Mesmo os menos versados na psicanálise e na vida e carreira de seus principais teóricos se sentirão atraídos pela ambiciosa premissa de Um Método Perigoso: um ensaio abundante em discussões e críticas entre Sigmund Freud, Carl Jung, Sabine Spielrein e Otto Gross a respeito das bases da teoria sexual daquele, com generosas pinceladas sobre inconsciente, ego e a repressão dos desejos, além de contar com um intenso e antiético envolvimento amoroso. Assim, é decepcionante que o novo filme do diretor canadense David Cronenberg desabe vítima da incapacidade de elaborar fundações sólidas o suficiente para sustentar o debate entre aquelas personalidades históricas, ao passo que opta por retê-los num cauteloso invólucro, obviamente insuficiente para conter a transbordante natureza do conteúdo em destaque.

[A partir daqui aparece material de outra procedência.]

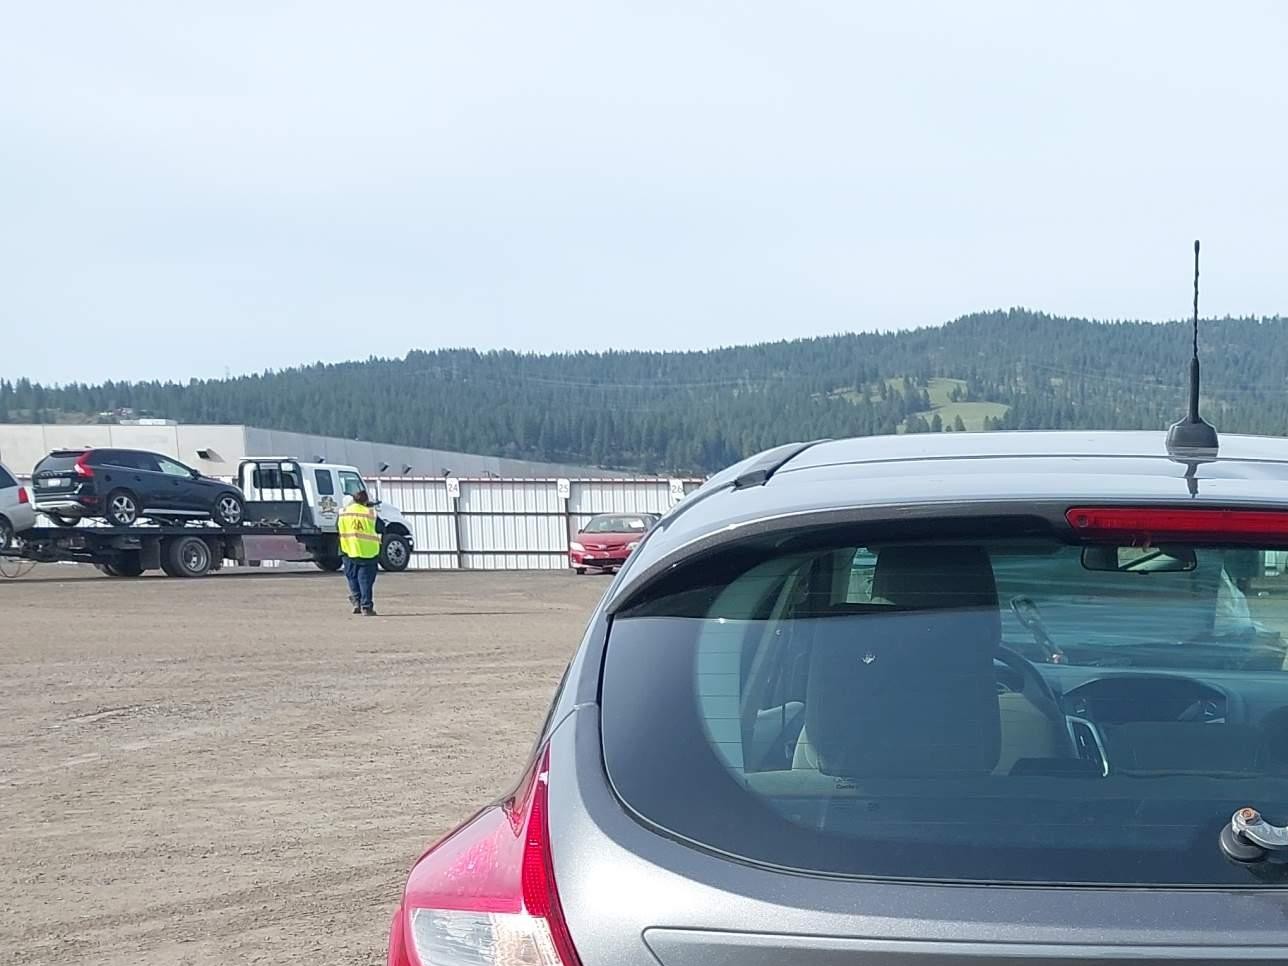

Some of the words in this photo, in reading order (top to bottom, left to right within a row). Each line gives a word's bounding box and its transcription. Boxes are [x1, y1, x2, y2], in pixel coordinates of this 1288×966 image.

[447, 483, 458, 493] 24
[559, 483, 569, 493] 25
[671, 484, 683, 494] 26

Escrito por Christopher Hampton a partir de sua peça teatral e do livro de John Kerr, o roteiro apresenta a histérica Sabine (Knightley), internada pelos pais no hospital psiquiátrico de Burgholzli na Suíça onde o psiquiatra Jung (Fassbender) clinicava. Tratando-a segundo os preceitos da psicanálise – a qual ele se refere por “a cura pela fala” -, Jung logra êxito na recuperação de Sabine que viria posteriormente a se tornar sua assistente, amante e uma das primeiras psicanalistas do mundo. Ademais, o método adotado o remeteria ao renomado Freud (Mortensen), e depois de 13 horas de conversa ininterrupta, ambos se encantam mutuamente estabelecendo uma cordial relação profissional.

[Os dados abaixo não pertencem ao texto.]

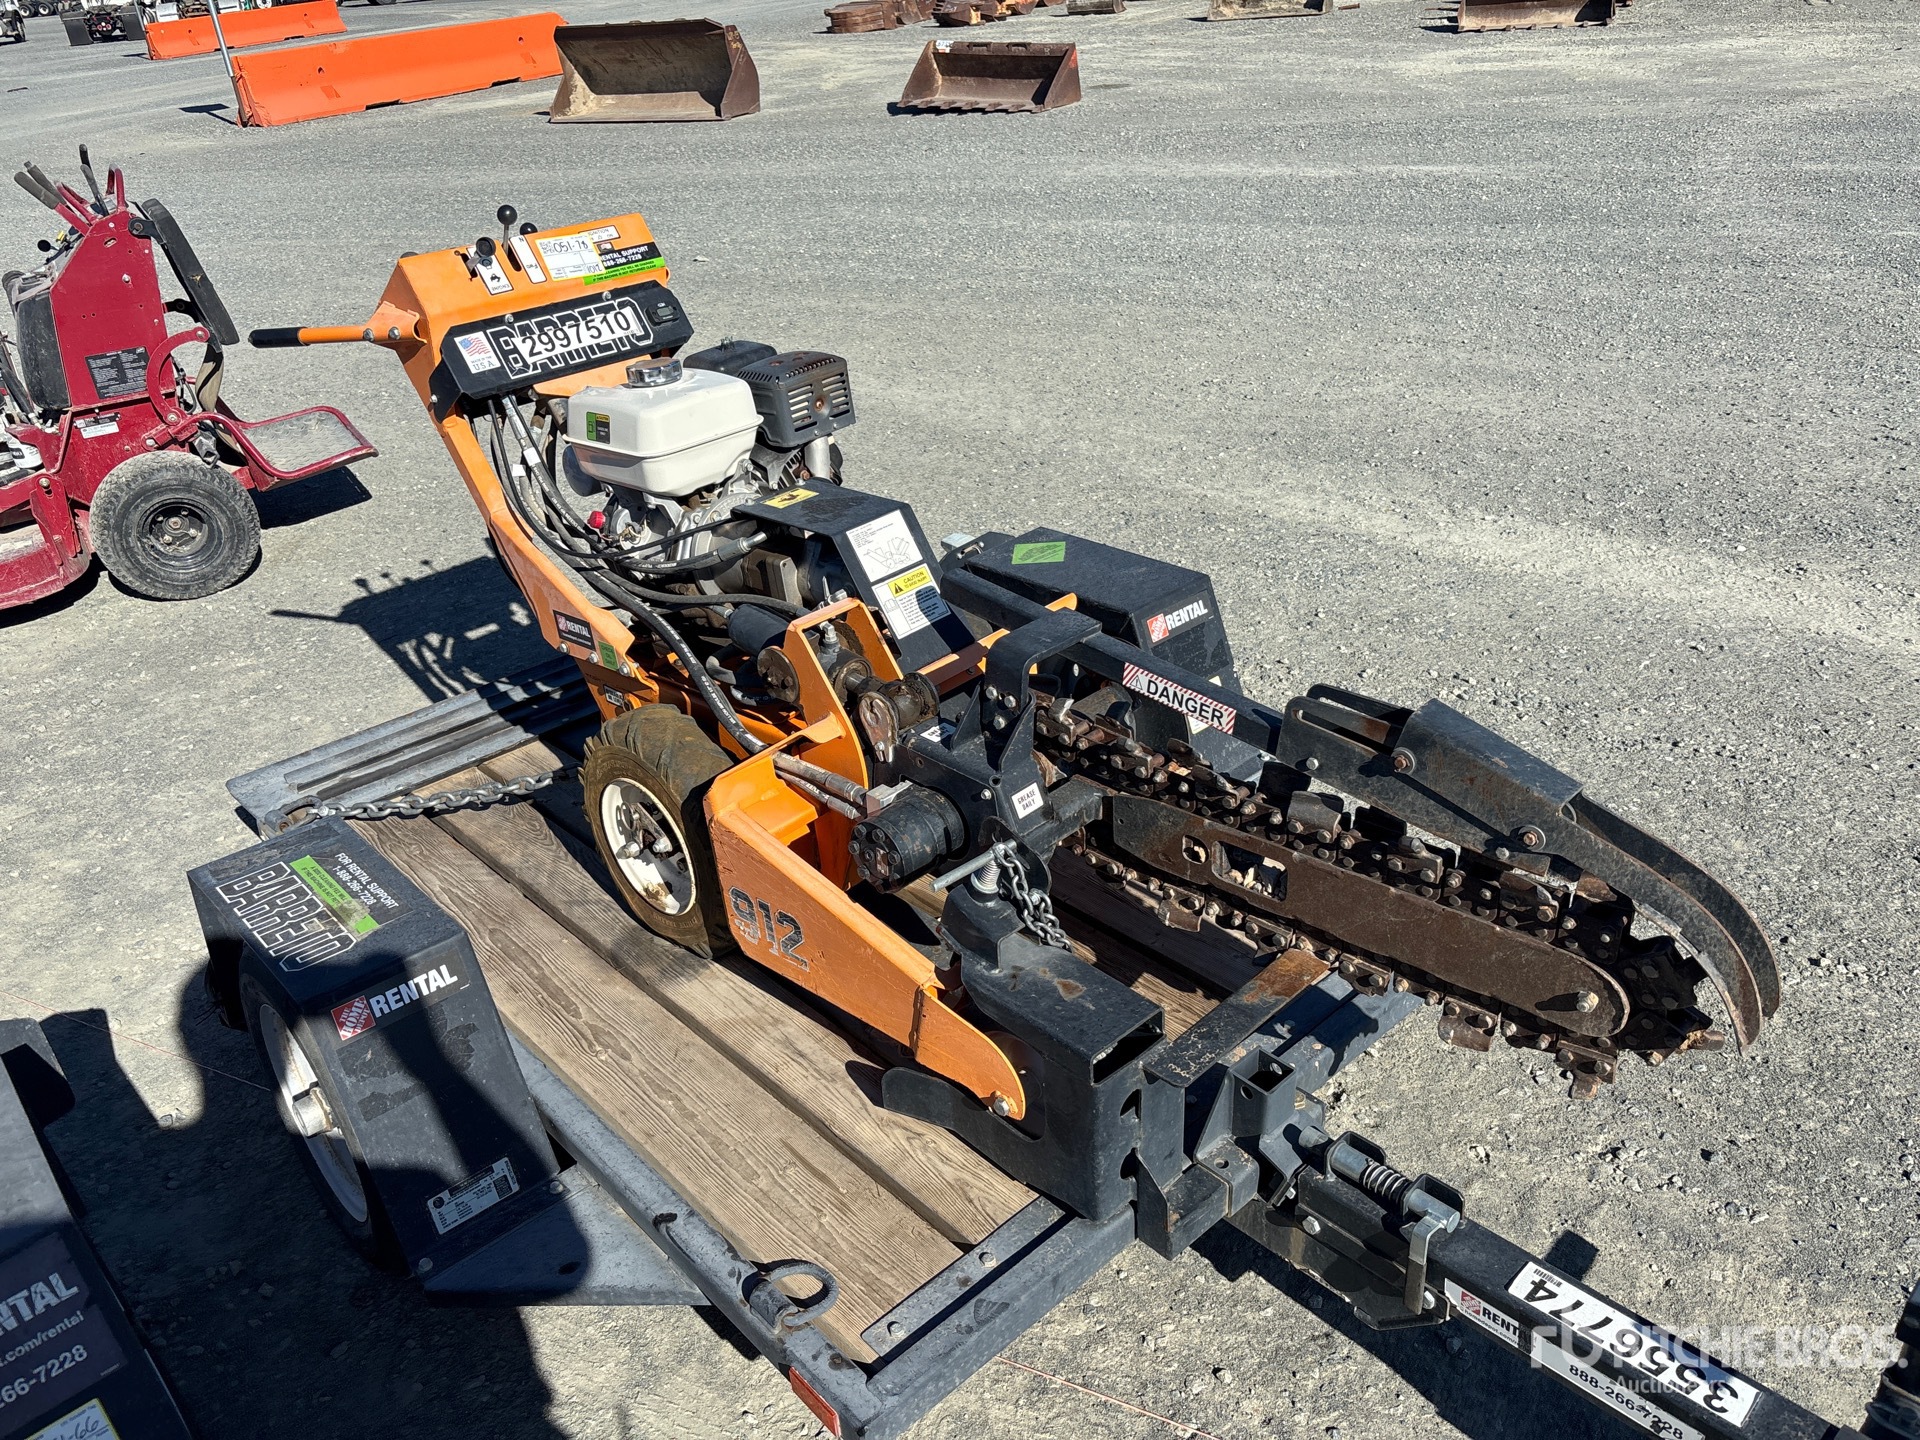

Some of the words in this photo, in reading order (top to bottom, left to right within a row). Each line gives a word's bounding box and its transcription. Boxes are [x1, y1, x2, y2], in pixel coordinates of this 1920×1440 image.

Essa amizade, contudo, viria a se deteriorar, mormente fruto às desavenças provenientes dos intrigantes embates intelectuais entre os dois. Se Jung criticava o rígido pragmatismo de Freud que considerava as manifestações humanas intrínseca e exclusivamente relacionadas à sexualidade e aos ferozes impulsos que a propelem, Freud discordava e debochava da dimensão espiritual com a qual Jung explicava alguns fenômenos psíquicos. Isso os levaria a um discussão não tão implícita envolta de cientificidade e religiosidade (como se estes termos pudesse coexistir pacificamente e sem atribulações), onde Freud almejava resguardar a jovem ciência da psicanálise do descrédito de seus agressores protegendo-a no sólido casulo da teoria sexual, enquanto um insatisfeito Jung ousava flertar com o misticismo da lenda de Siegfried, superando as reprimendas do pai da psicanálise. Num último momento, na eminência das grandes guerras, Freud, judeu, e Jung, esteriótipo do ariano alemão, viriam a se ver em faces opostas da história, como perseguido e perseguido.

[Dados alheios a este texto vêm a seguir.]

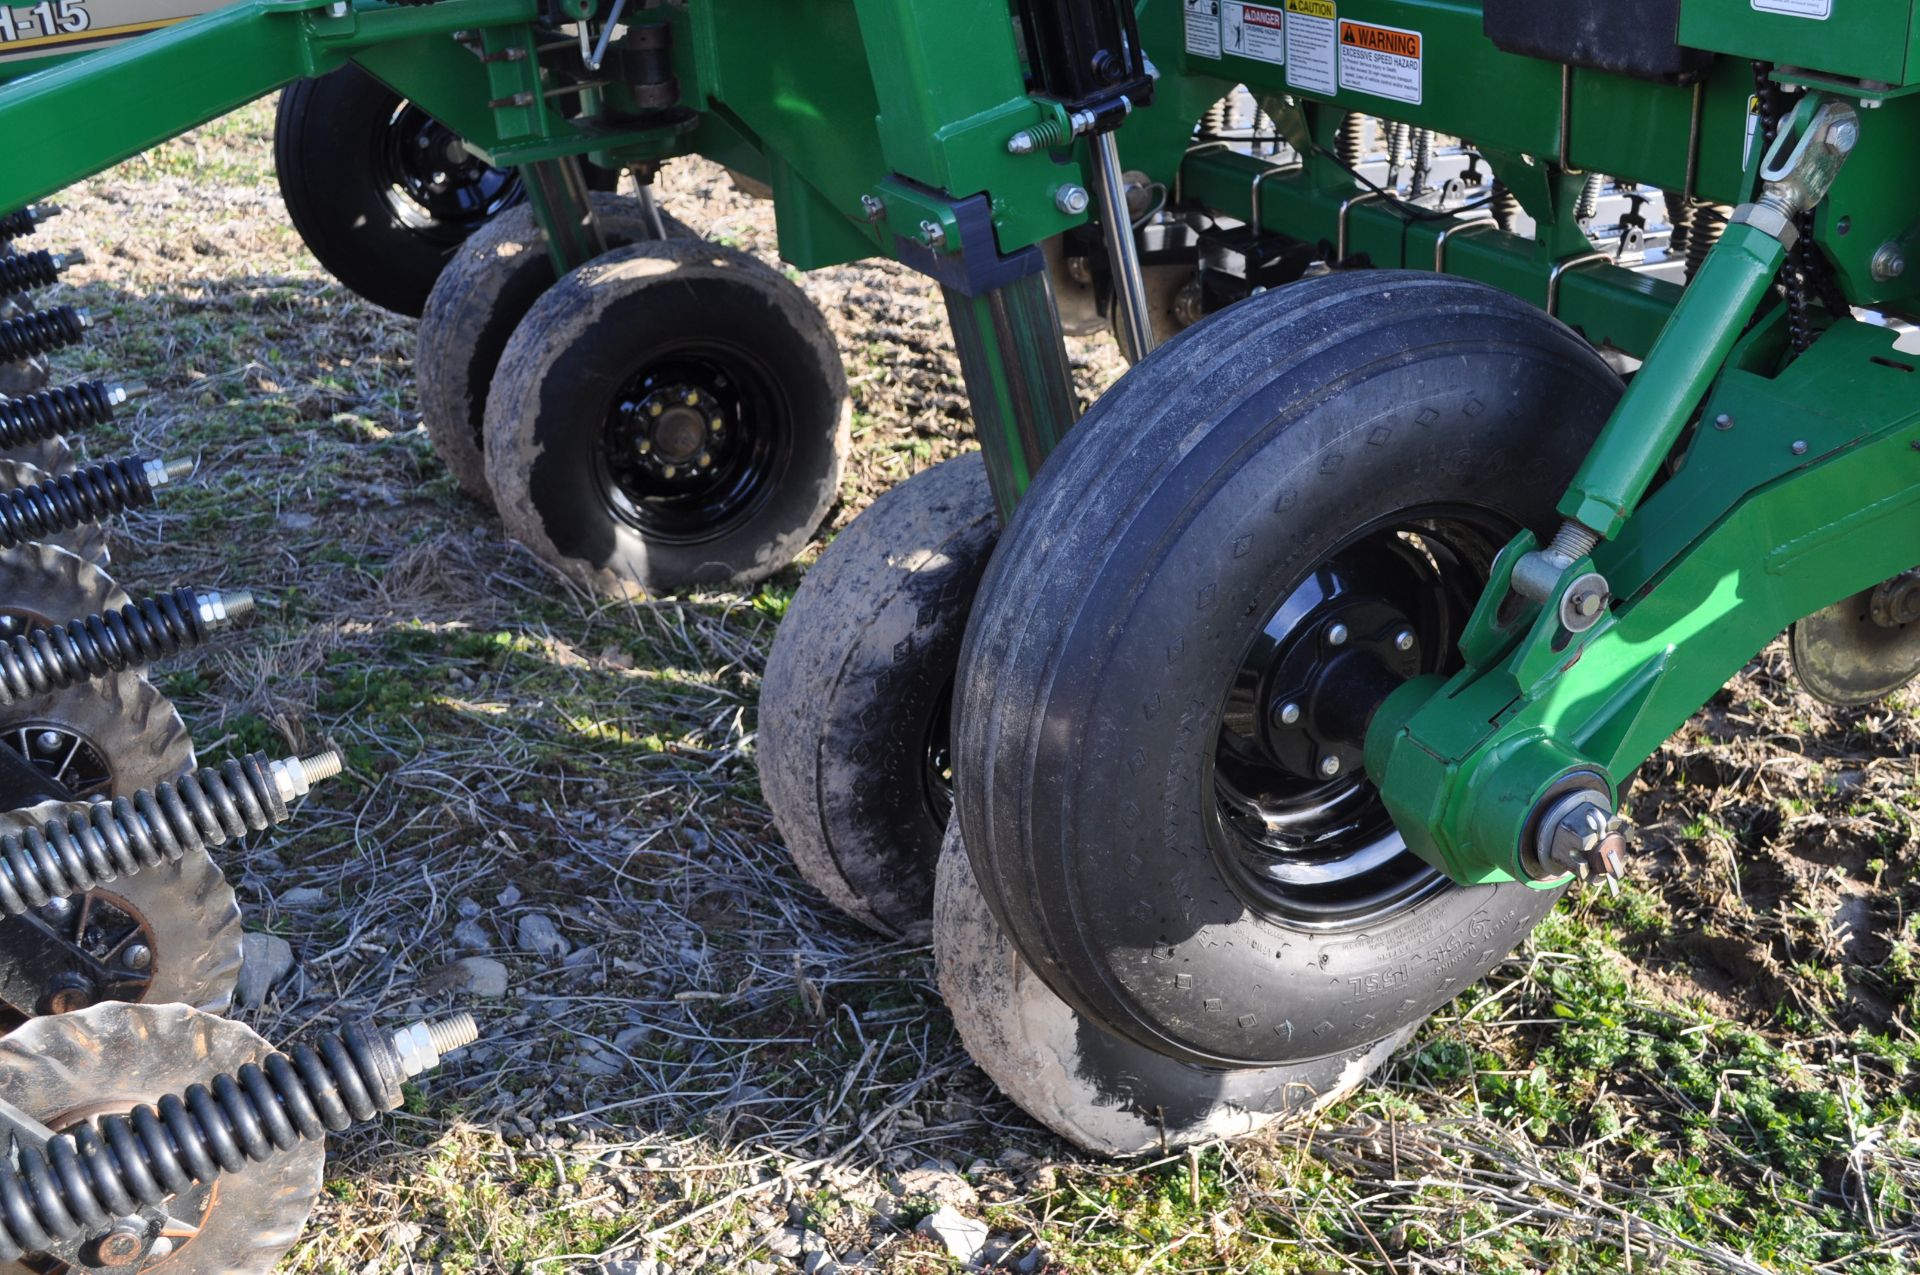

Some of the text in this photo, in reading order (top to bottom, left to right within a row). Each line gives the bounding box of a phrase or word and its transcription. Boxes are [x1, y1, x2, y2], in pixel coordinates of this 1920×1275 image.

[1250, 9, 1280, 26] DANGER
[1298, 0, 1332, 16] CAUTION
[1358, 27, 1416, 55] WARNING
[1342, 47, 1372, 61] EXCESSIVE
[1373, 53, 1392, 65] SPEED
[1393, 57, 1417, 70] HAZARD

Se falei em repressão, é porque este é um dos temas principais da narrativa, encontrando o respaldo no anárquico conceito de liberdade de Otto Gross (Cassel). Reputa-se à essencial ambivalência do ser humano, à simultaneidade de dois sentimentos opostos na psiquê. De um lado, a tendência a se amoldar aos preceitos morais e sociais de uma sociedade conservadora; do outro, a pertinaz ânsia de quebrar as regras, como o faz Sabine no seu insano amor masoquista. Esses debates provocados nas discussões entre as figuras centrais representam o que há de melhor na narrativa, e é impossível não destacar que David Cronenberg desenvolveu sua carreira no terror psicológico oriundo de personagens mentalmente instáveis, o que faz com que Um Método Perigoso representa apenas um passo lógico para o cineasta.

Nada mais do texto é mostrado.